Пока девочка ходила в монументальное, белое, кубической формы здание, с шестью колоннами по фасаду, увенчанными шестью женскими статуями, все шло хорошо, но когда по окончании гимназии она поступила в Политехникум и вкусила свободной жизни студентов и студенток, она как-то вся изменилась, стала нервной, легко возбудимой, разочарованной, капризной, временами озлобленной. Она остригла по моде свои прекрасные, густые, золотистые волосы. Появились карандаши для губ, цветная пудра для лица. Появились тонкие папиросы с золотыми мундштуками. В разговорах с матерью появился покровительственный тон. В нем то и дело звучало: «ты, мама, ничего не понимаешь».

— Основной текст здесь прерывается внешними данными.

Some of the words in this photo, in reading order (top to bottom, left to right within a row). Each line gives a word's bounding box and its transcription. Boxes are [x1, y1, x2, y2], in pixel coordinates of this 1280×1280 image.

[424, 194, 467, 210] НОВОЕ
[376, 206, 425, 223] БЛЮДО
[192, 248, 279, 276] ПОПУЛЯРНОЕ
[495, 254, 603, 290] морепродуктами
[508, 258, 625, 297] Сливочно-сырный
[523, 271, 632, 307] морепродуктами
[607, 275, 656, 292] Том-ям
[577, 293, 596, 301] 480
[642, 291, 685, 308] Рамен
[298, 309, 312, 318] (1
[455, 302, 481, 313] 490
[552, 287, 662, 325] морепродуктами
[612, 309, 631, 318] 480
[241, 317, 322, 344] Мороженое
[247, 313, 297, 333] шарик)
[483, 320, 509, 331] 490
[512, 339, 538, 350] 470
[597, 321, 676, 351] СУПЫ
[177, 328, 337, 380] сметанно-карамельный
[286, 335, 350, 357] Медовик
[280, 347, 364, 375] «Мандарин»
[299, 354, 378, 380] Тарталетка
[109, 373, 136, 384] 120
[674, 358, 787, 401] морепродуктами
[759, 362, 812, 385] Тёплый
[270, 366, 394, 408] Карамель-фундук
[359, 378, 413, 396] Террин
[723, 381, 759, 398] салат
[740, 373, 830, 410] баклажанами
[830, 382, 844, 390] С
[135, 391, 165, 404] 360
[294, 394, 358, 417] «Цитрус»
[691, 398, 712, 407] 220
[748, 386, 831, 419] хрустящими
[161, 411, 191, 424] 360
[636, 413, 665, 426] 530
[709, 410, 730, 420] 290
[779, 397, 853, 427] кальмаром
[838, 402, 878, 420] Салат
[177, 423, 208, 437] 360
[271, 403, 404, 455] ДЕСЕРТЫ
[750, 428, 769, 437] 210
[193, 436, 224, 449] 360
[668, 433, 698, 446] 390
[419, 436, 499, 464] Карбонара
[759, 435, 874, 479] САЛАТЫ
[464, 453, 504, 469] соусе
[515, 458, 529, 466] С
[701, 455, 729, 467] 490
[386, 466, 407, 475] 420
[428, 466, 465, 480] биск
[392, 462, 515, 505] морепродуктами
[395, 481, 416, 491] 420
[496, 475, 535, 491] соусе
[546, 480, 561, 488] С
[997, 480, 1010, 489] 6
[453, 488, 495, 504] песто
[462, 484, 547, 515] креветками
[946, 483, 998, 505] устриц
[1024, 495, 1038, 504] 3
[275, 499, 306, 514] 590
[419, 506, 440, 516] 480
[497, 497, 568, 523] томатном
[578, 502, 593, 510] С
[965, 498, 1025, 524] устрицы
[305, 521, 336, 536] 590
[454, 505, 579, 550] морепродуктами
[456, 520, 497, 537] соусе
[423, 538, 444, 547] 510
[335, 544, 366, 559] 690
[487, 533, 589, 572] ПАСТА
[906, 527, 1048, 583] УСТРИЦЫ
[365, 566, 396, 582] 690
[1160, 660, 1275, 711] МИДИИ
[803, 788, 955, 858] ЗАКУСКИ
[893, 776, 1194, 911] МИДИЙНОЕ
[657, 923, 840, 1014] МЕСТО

Что особенно заботило и печалило Тамару Дмитриевну, это был рано развившийся в ее дочери скептицизм, равнодушие к религии. Она боялась, что за этим придет и сухой карьеризм, сгубивший отца Светланы.
Тамара Дмитриевна была очень рада, когда в их город приехал старый генерал Ядринцев с сыном Владимиром, и еще более рада, когда заметила, какое сильное впечатление произвела на Владимира Ядринцева Светлана. Мать с удовольствием глядела на начавшееся, нежное, стариной отзывающее ухаживание молодого Ядринцева.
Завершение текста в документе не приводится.